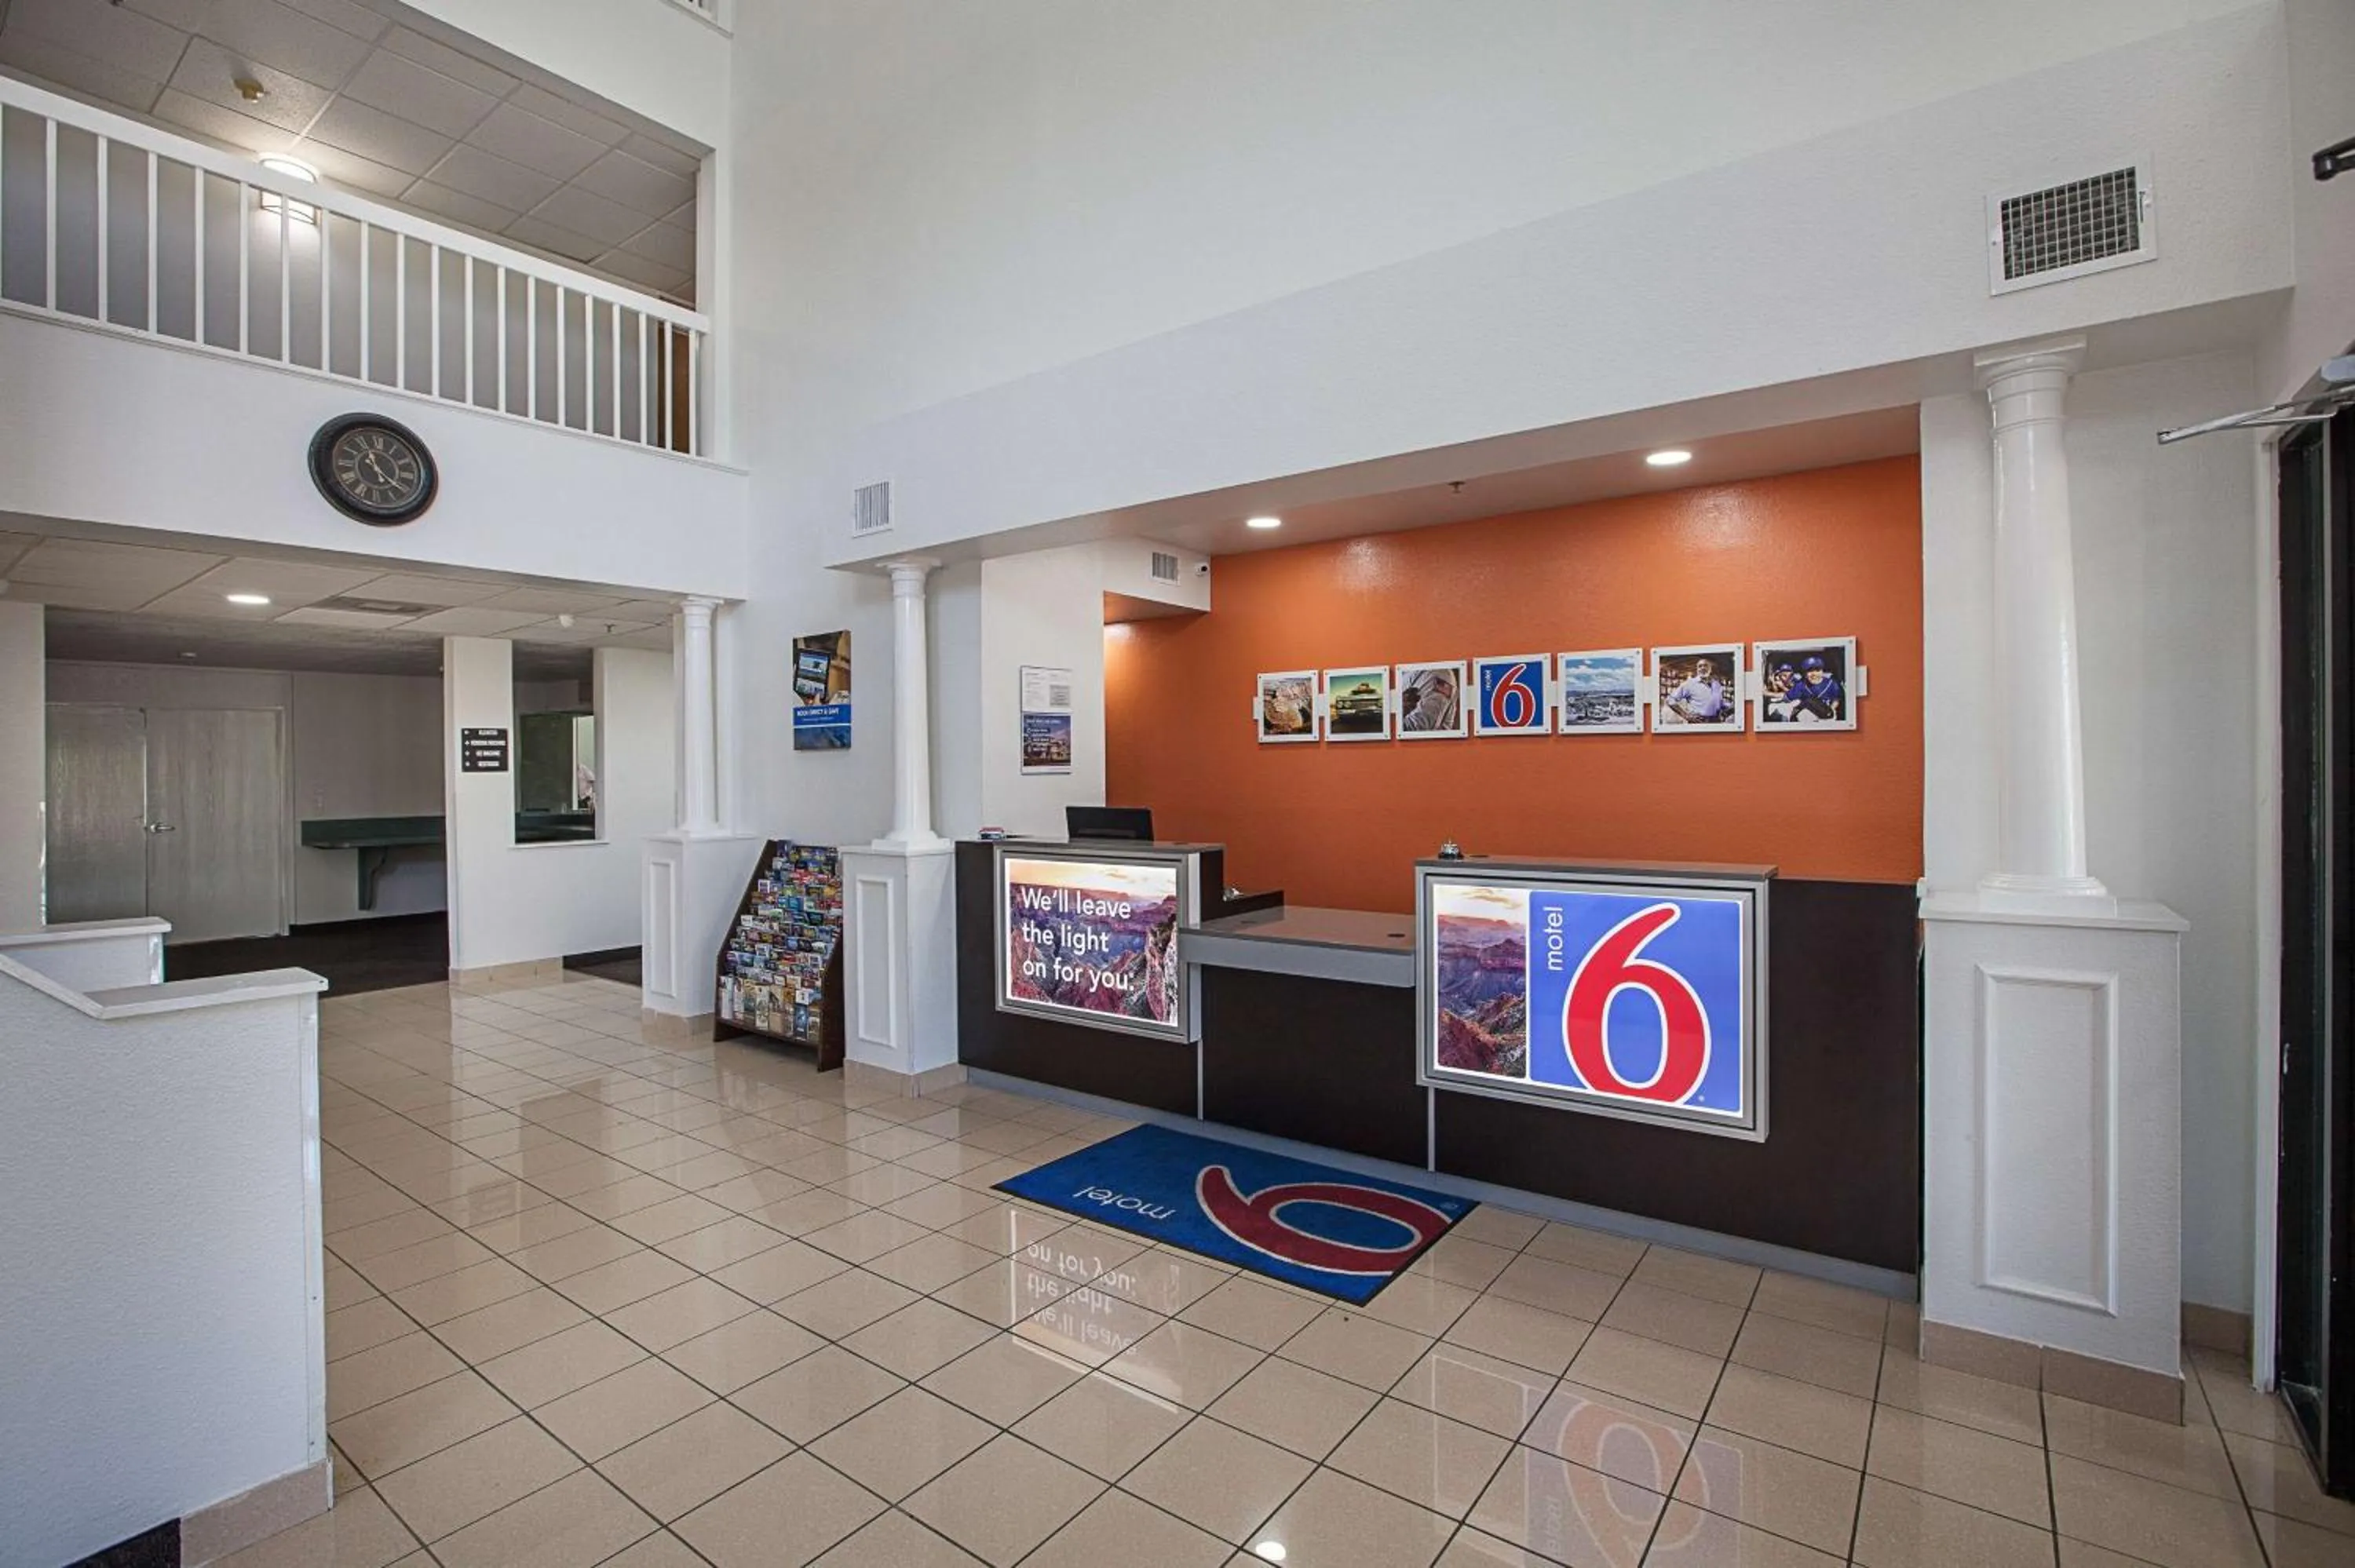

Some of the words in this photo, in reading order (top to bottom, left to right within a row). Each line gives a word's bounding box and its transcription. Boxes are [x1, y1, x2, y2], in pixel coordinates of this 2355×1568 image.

[1491, 663, 1535, 728] 6
[1022, 886, 1068, 913] We'll
[1076, 889, 1131, 919] leave
[1022, 920, 1053, 945] the
[1061, 924, 1109, 955] light
[1543, 906, 1563, 971] motel
[1023, 961, 1046, 979] on
[1053, 957, 1084, 983] for
[1562, 903, 1711, 1105] 6
[1072, 1186, 1177, 1220] motel
[1196, 1165, 1452, 1276] 6
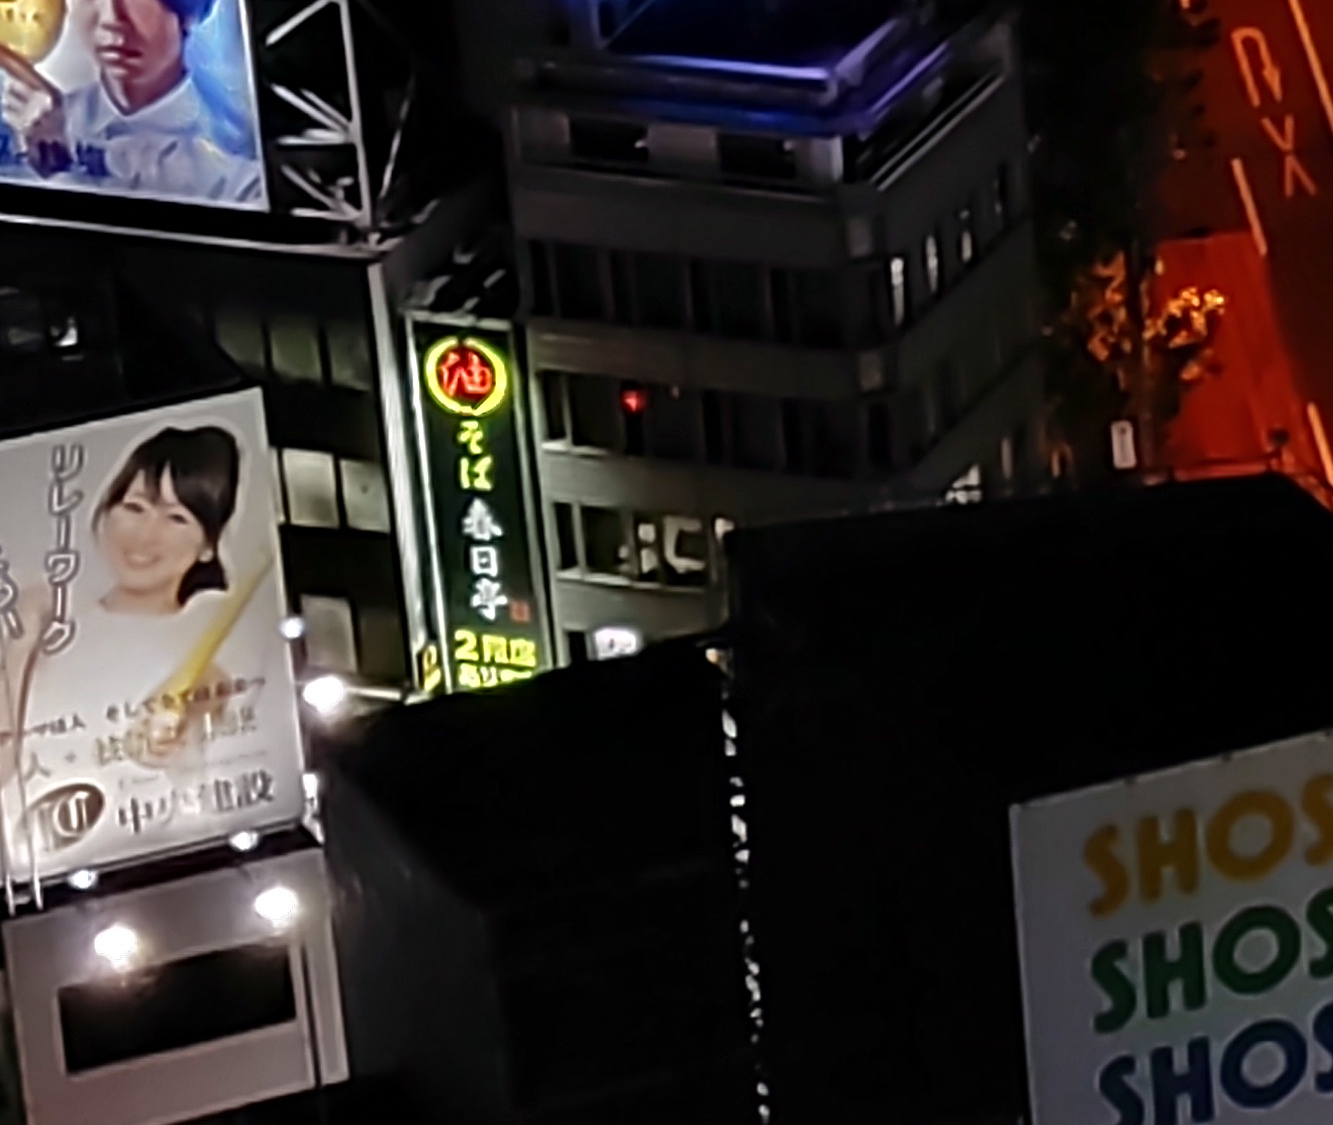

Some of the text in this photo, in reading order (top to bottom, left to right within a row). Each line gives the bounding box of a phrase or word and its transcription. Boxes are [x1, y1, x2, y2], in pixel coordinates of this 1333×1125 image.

[41, 444, 84, 656] リレーワーク
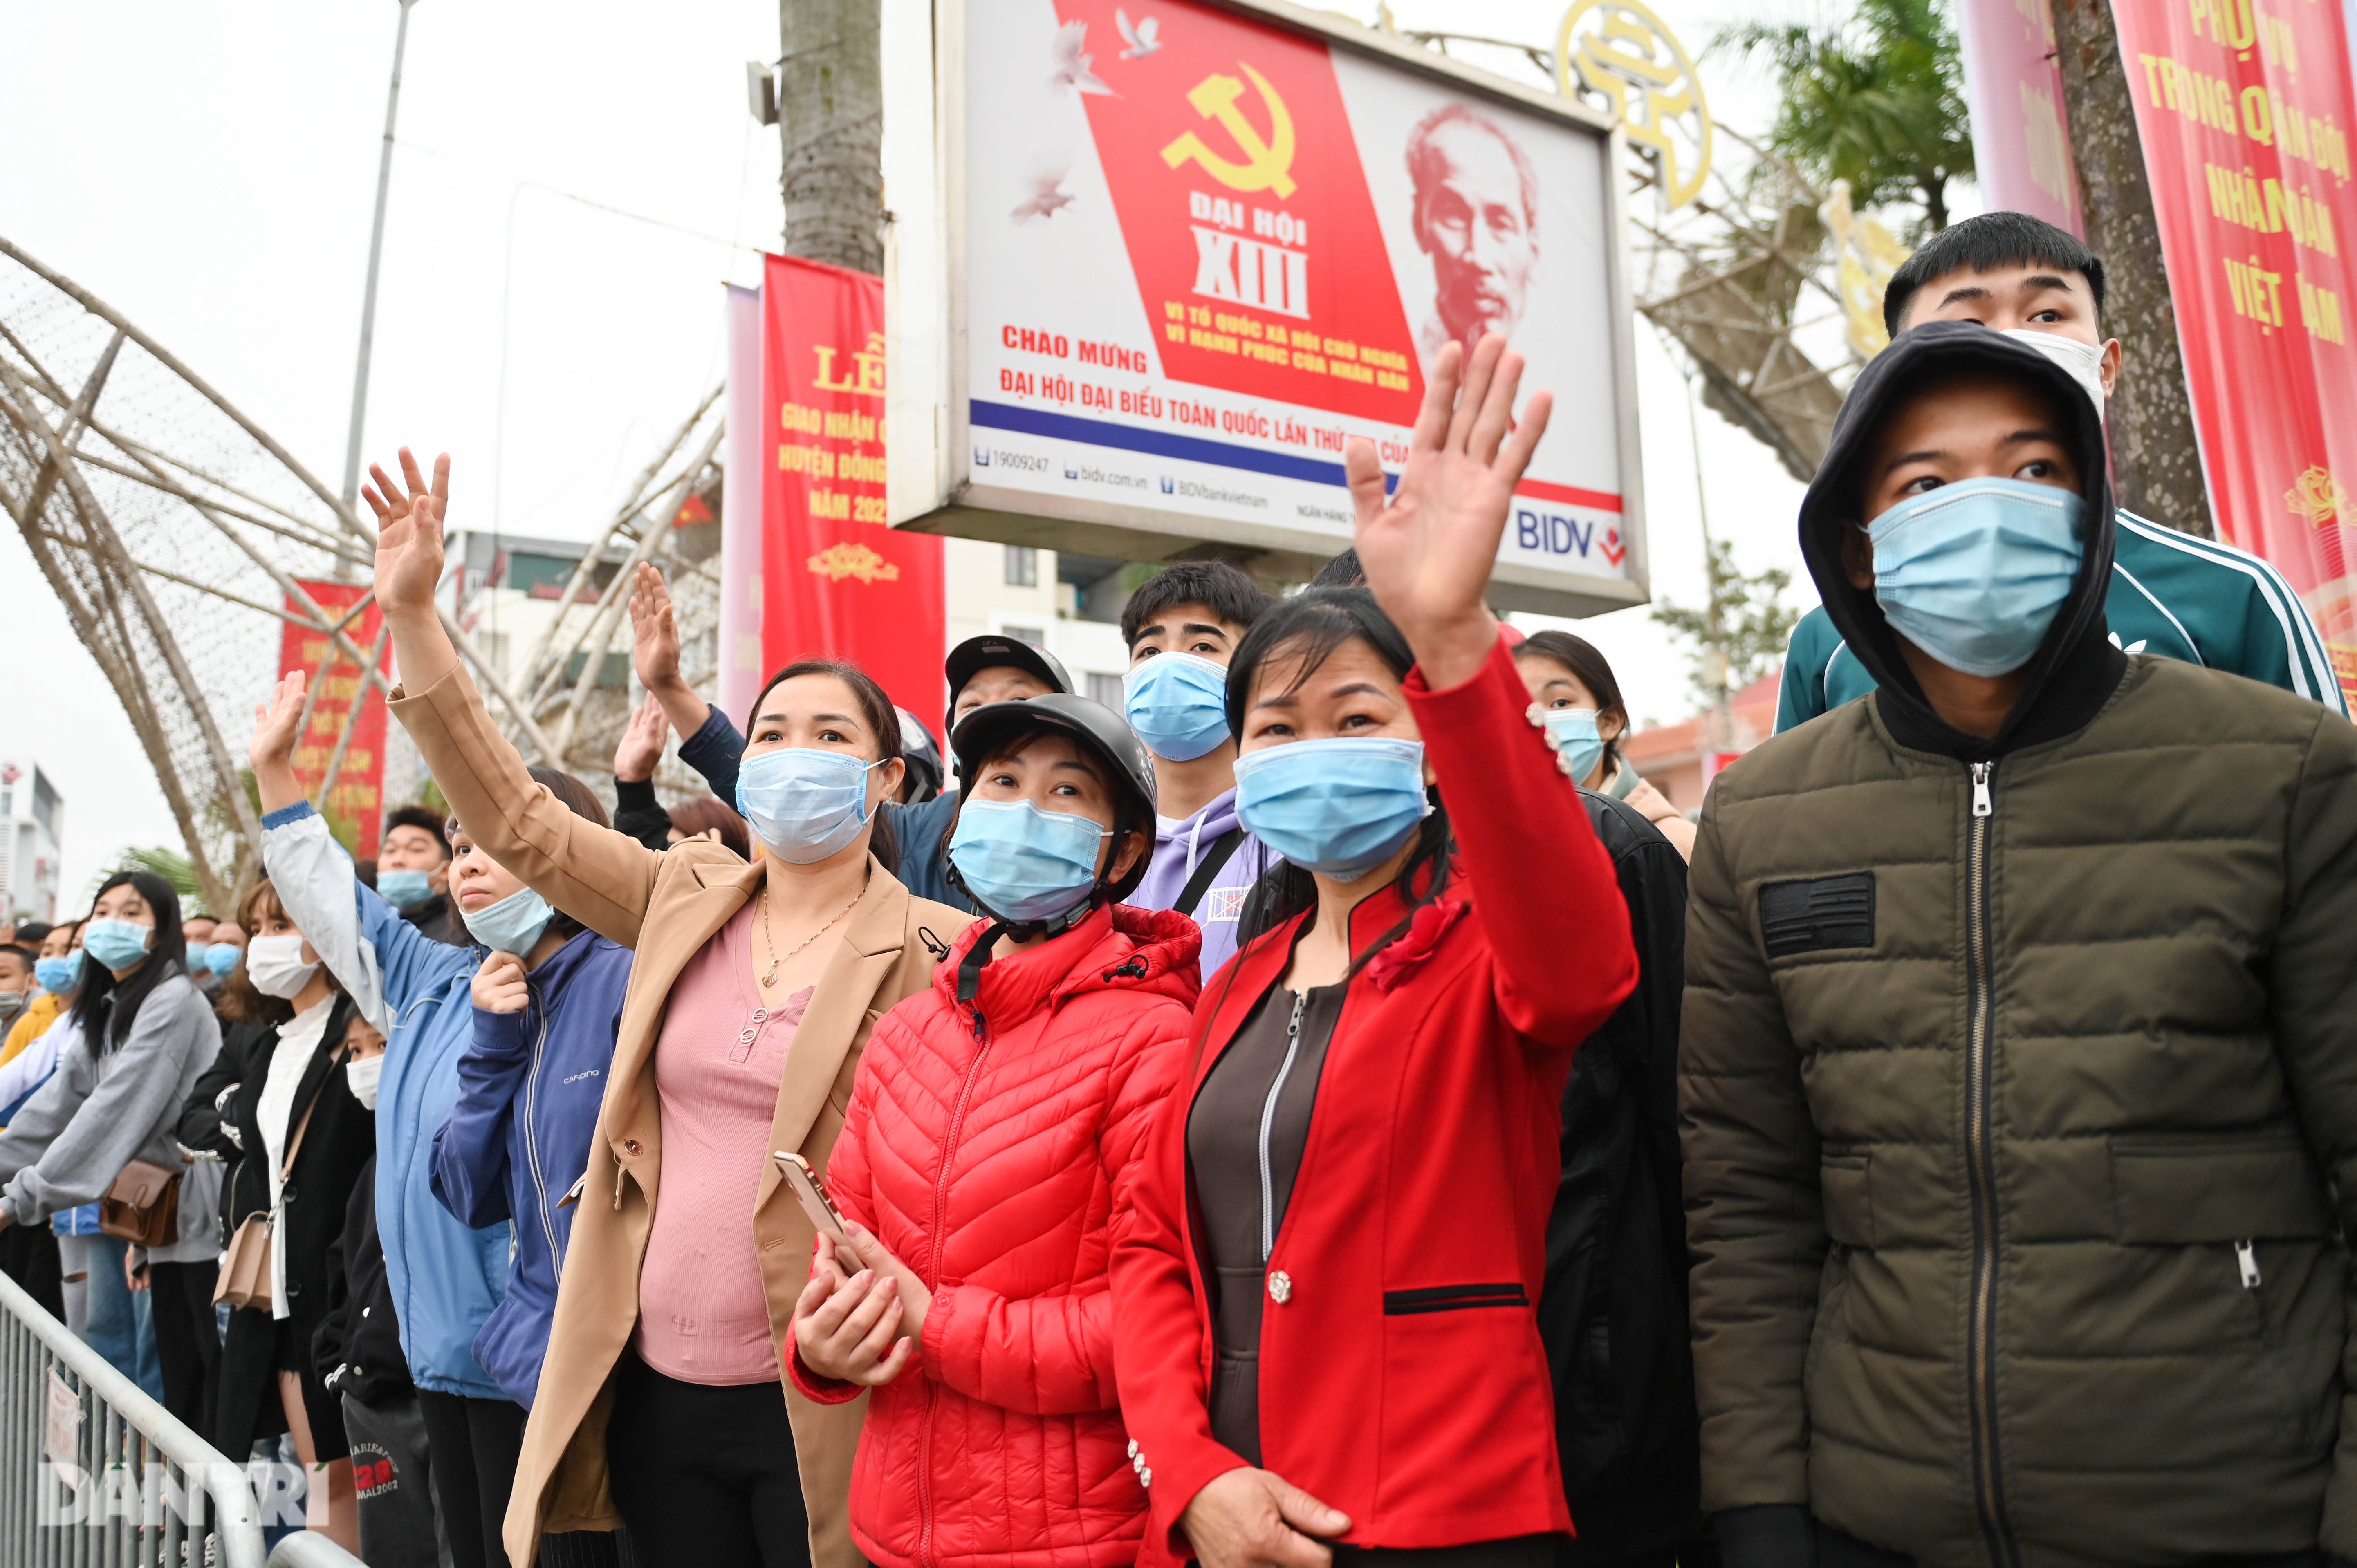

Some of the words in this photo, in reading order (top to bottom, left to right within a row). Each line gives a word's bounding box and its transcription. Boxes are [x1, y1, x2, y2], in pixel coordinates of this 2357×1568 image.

• _Try it_
Omit the pictures, then output every record exactly as given.

• _Response to the task_
Some of the words in this photo, in reading order (top to bottom, left to right within a row). Each line gives a word's bounding box and its transcription. Boxes are [x1, y1, x2, y2], in pixel coordinates of this 2355×1568 image.

[1491, 663, 1535, 728] 6
[1022, 886, 1068, 913] We'll
[1076, 889, 1131, 919] leave
[1022, 920, 1053, 945] the
[1061, 924, 1109, 955] light
[1543, 906, 1563, 971] motel
[1023, 961, 1046, 979] on
[1053, 957, 1084, 983] for
[1562, 903, 1711, 1105] 6
[1072, 1186, 1177, 1220] motel
[1196, 1165, 1452, 1276] 6

Some of the text in this photo, in reading order (top to bottom, left to right within a row). Each line gives the bounding box of a phrase or word and its transcription. Boxes are [x1, y1, x2, y2], in pixel coordinates of this 1333×1125 image.

[41, 444, 84, 656] リレーワーク

Some of the words in this photo, in reading order (top to bottom, left to right within a row). Each line gives a word's bounding box and its transcription. Boxes are [x1, y1, x2, y2], in pixel coordinates of this 2357×1568 image.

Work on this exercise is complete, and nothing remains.